La capitale gabonaise a pris des airs de chantier citoyen ce samedi 28 février, sous l’impulsion de la mairie du 2e arrondissement. Réunis au rond-point de la Démocratie, véritable épicentre de cette mobilisation, des dizaines de jeunes ont répondu à l’appel du 1er maire adjoint, Vivien Gildas Mayombo, et de la 2e maire adjointe, Célestine Dikeke. Munis de pelles, de râteaux et de brouettes, ces volontaires ont investi l’espace urbain avec une détermination claire : transformer leur cadre de vie immédiat. Cette initiative ne se limite pas à un simple coup de balai ponctuel ; elle marque la volonté des autorités municipales d’instaurer une gestion de proximité plus réactive, où l’engagement des riverains devient le premier rempart contre l’insalubrité rampante.
L’organisation de cette journée a reposé sur une stratégie de quadrillage méthodique. Répartis en brigades de cinq membres à travers les secteurs névralgiques de l’arrondissement, les jeunes participants ont opéré sous une coordination rigoureuse pour garantir l’efficacité de l’assainissement. Pour soutenir cet effort collectif, la municipalité a misé sur une logistique de proximité, assurant rafraîchissements et collation aux équipes sur le terrain.
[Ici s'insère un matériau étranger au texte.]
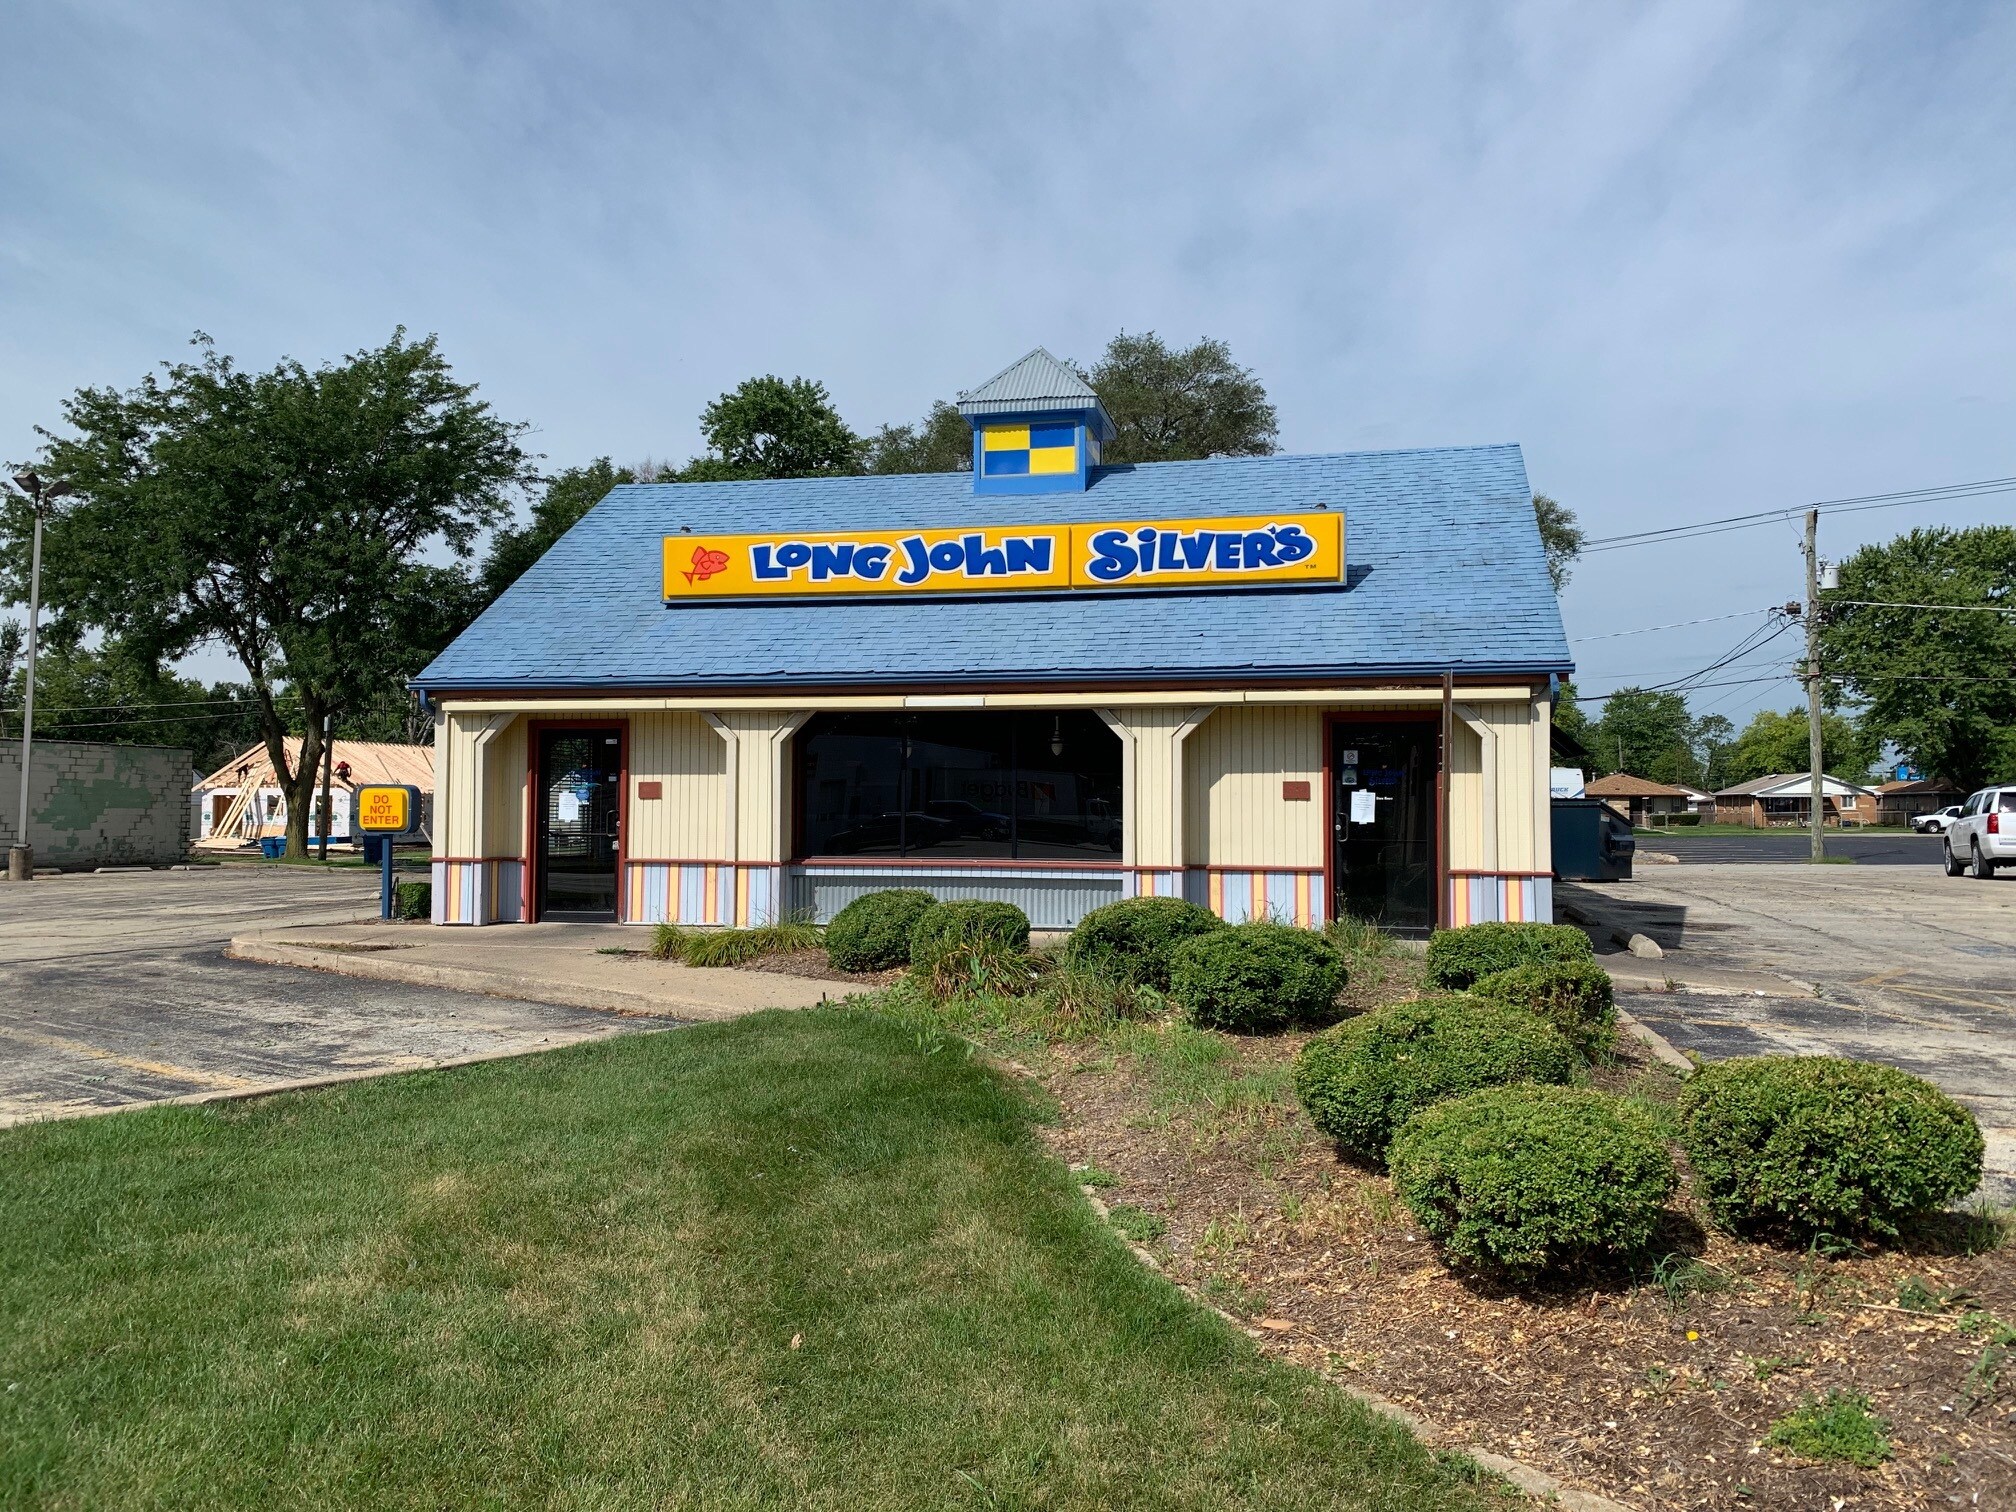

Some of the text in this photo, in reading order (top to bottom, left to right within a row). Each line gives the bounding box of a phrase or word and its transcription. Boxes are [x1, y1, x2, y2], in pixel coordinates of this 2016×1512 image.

Cette approche participative vise à recréer un lien d’appartenance entre les citoyens et leur environnement, tout en palliant les insuffisances structurelles de la collecte des déchets par une action communautaire encadrée et motivée.
Au-delà de l’aspect technique, ce mouvement s’inscrit dans une trajectoire politique nationale plus vaste. En invoquant la vision du président Brice Clotaire Oligui Nguema, les élus locaux ont rappelé que la propreté des villes est désormais érigée au rang de priorité patriotique. Ce « sursaut citoyen » du 2e arrondissement se veut le laboratoire d’une culture durable de la salubrité, où l’État et la jeunesse avancent de concert. Pour les observateurs librevillois, le défi reste toutefois de pérenniser cette ferveur, afin que ces opérations ne soient pas de simples parenthèses, mais le socle d’un nouveau contrat social urbain fondé sur la responsabilité collective.